昨日はイースターでした。それぞれのところで良い集会がなされたと思います。私は、年配のご夫婦や独り身の方々が共同生活をされている「まなハウス」という最上川の隠れ家にある所で、皆さんとイースターの集会を持ちました。そして、自家製の釜で焼いたビザを野外でいたできました。午後には数名の方と桜が満開の北山という小高い丘に散歩に出かけ、畑に囲まれた珈琲店でおいしいコーヒーをいただいて帰ってきました。至福な一時でした。
クリスマスのキリストの受肉の「肉」の意味と、私たちの救いのために御子であるキリストが肉をとる必要があったことを語り、さらに、肉を持った者は誰でもがその「肉の弱さ」を持っていること、最後には終わり、すなわち、死を迎えなければならないことを語りました。その上でキリストの復活は、その死に対しての勝利であること、それは肉を持っている私たちが死で終わることなく、今も復活のいのちで生き、さらに、キリストの再臨の時にキリストの復活の体と同じ姿に変えられるためであることを、黒板(ホワイトボード)にその流れを書きながらお話ししました。

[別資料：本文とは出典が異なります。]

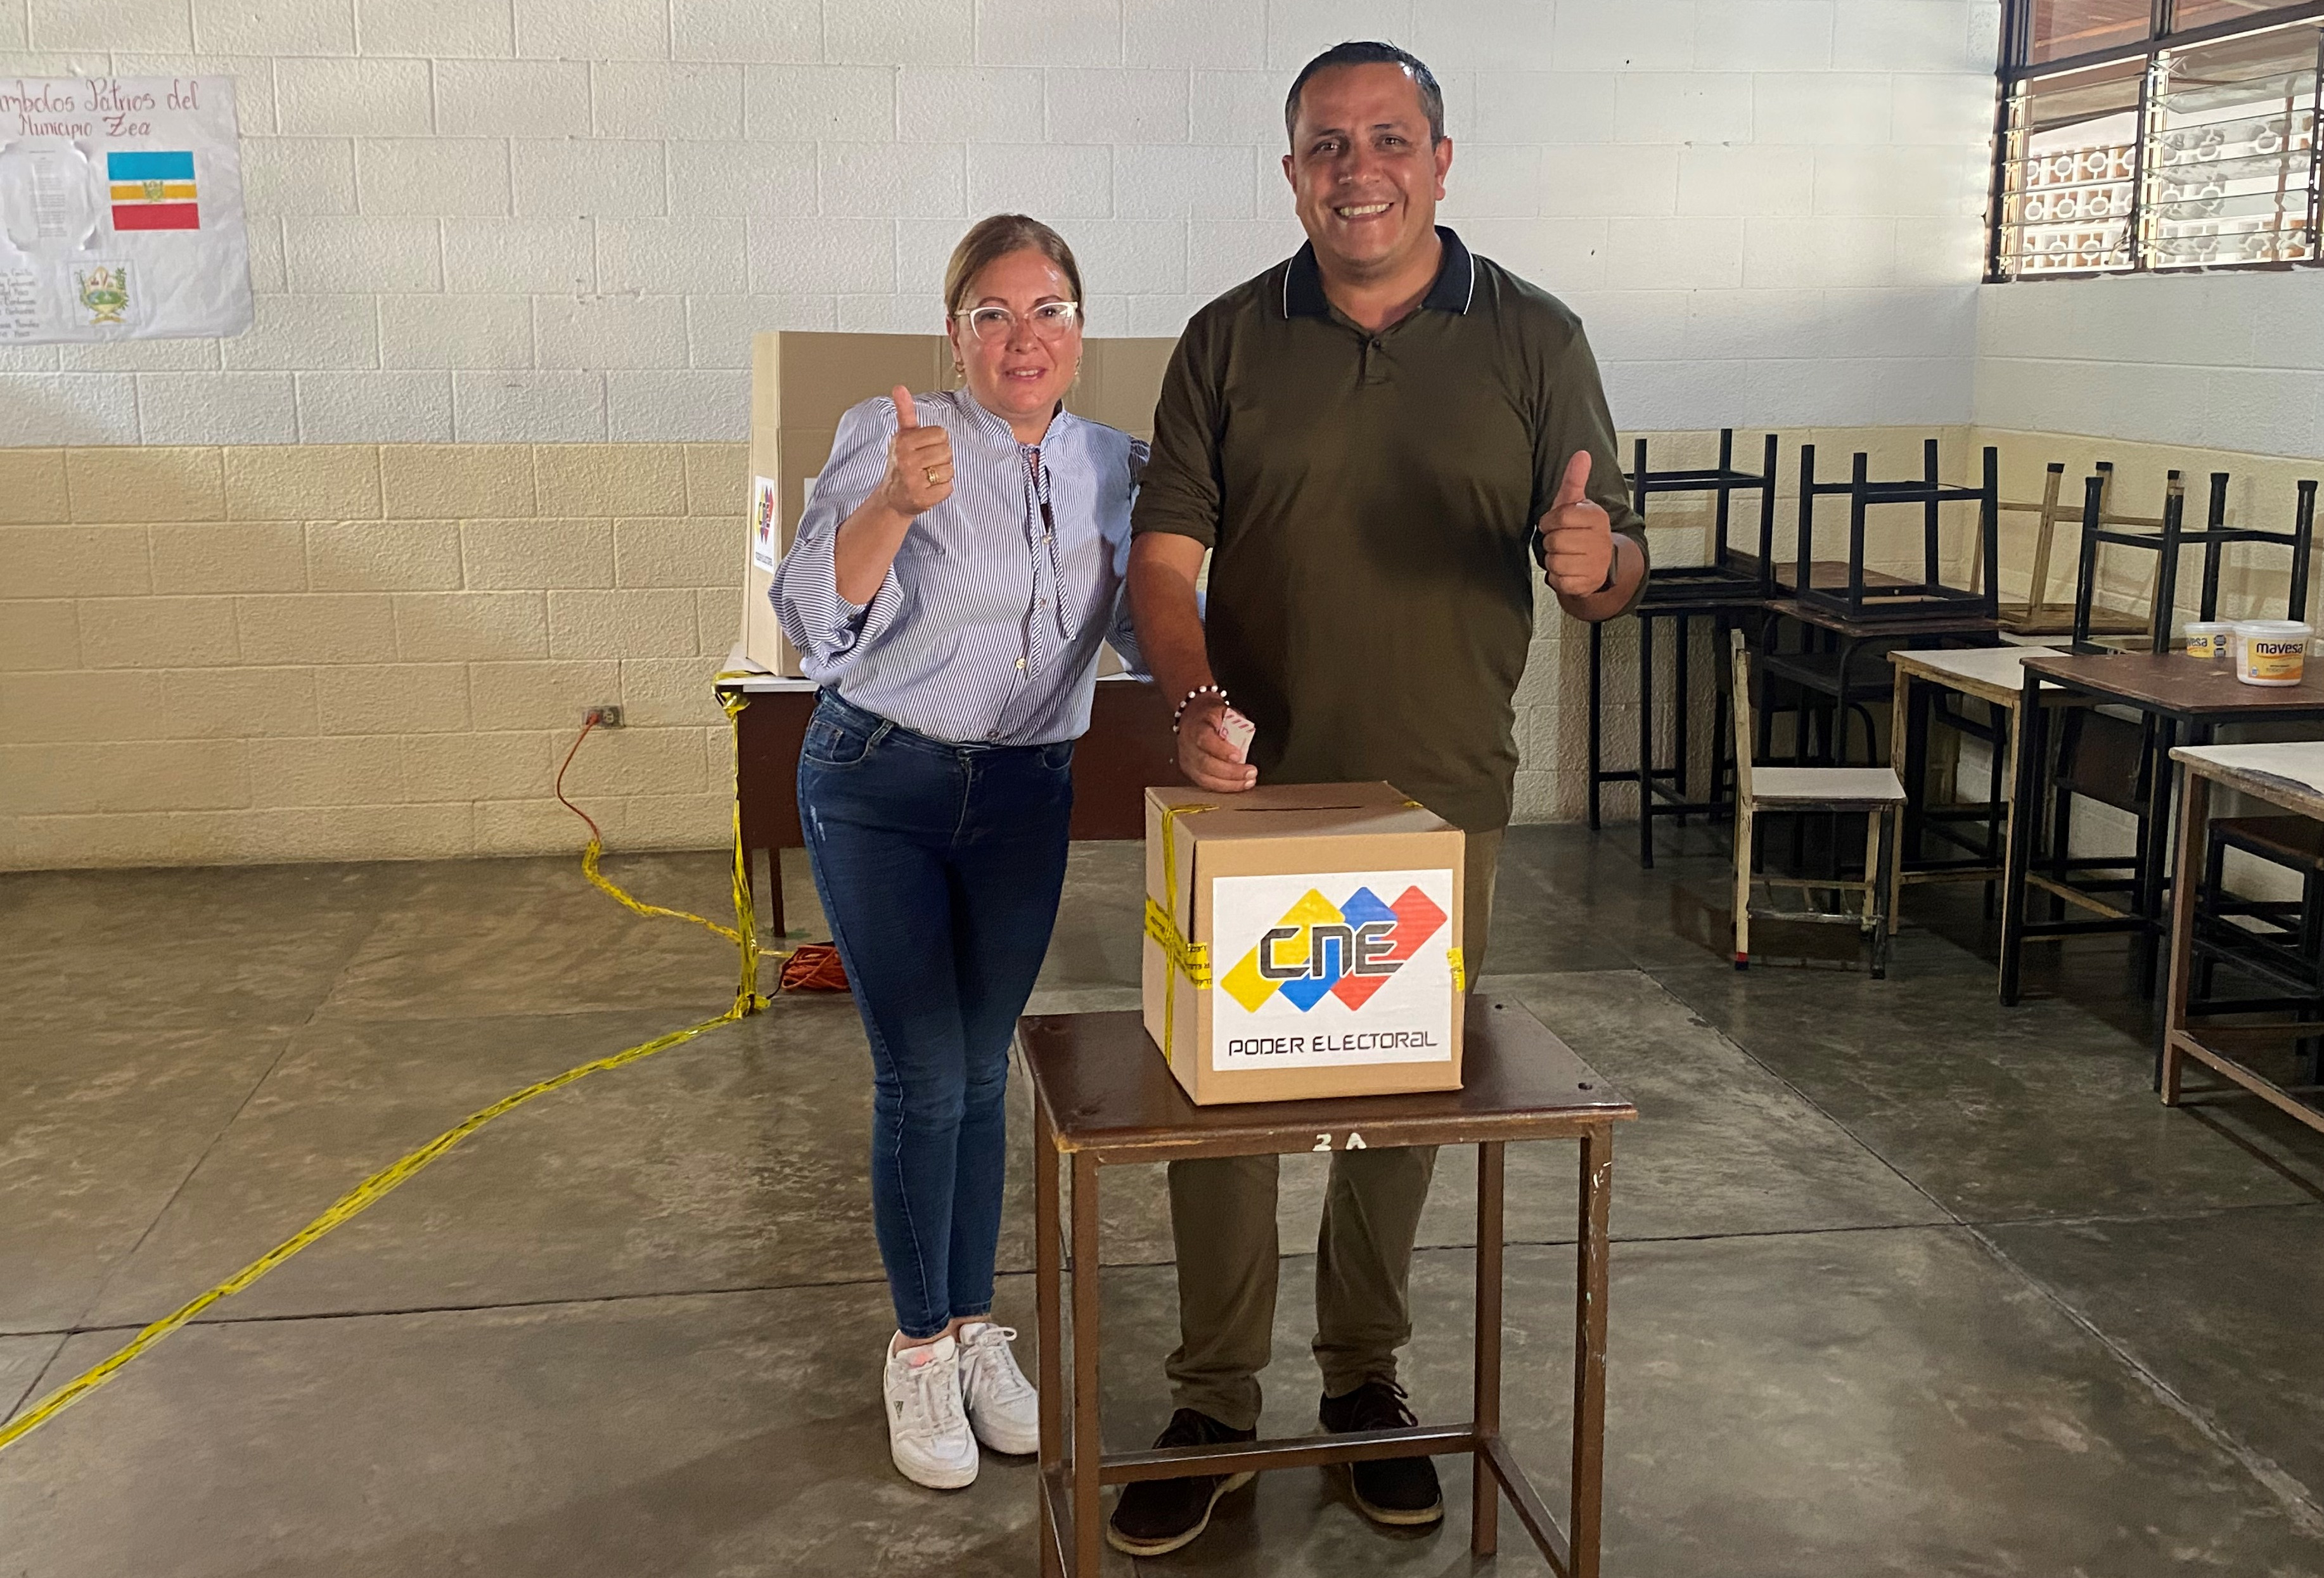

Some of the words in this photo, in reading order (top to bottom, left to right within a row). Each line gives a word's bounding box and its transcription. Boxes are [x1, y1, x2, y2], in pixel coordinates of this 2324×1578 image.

[84, 77, 156, 112] Patrios
[167, 79, 200, 111] del
[18, 112, 93, 139] Municipio
[102, 112, 151, 137] Zea
[2256, 642, 2304, 654] mavesa
[1260, 923, 1404, 979] CNE
[1228, 1037, 1304, 1056] PODER
[1312, 1030, 1439, 1052] ELECTORAL
[1312, 1132, 1332, 1152] 2
[1345, 1132, 1367, 1150] A

そのいのちが生きるために神がキリストの昇天の後に聖霊を送ってくださったことも説明しました。クリスマスとイースターとペンテコステが結びついていることを説明したかったのです。肉を持っている限りクリスチャンも死を避けられないのですが、キリストのいのちが今生きていて、聖霊の実を結ぶことができることを、メルヴィンのことを例として語りました。山形城跡の霞城公園の土手からお堀に垂れ下がっていた満開の桜はそのいのちの現れのようでした。
このように、私たちの肉においてキリストのいのちが現れるためであることを、イースターで取り上げることになった背後に、その前の月曜の午後に北大の千葉教授の研究室で、このコリント第2の手紙4章11節が会話で取り上げられたことがあります。神学的に「肉」を二義的に、すなわち、生物的な意味と霊的な意味で肉を悪のように見る二面的な理解に対して、聖書の肉の理解は一義的で、生物的な意味だけで止めていることの傍証として出てきたことでした。肉の弱さがあり、罪のターゲットになり、死をかかえていても、悪ととる必要はないのです。「それはまた、イエスのいのちが私たちの死ぬべき肉体において現れるためです」と言われているとおり、イエスのいのちが現れる「肉」は悪ではないからです。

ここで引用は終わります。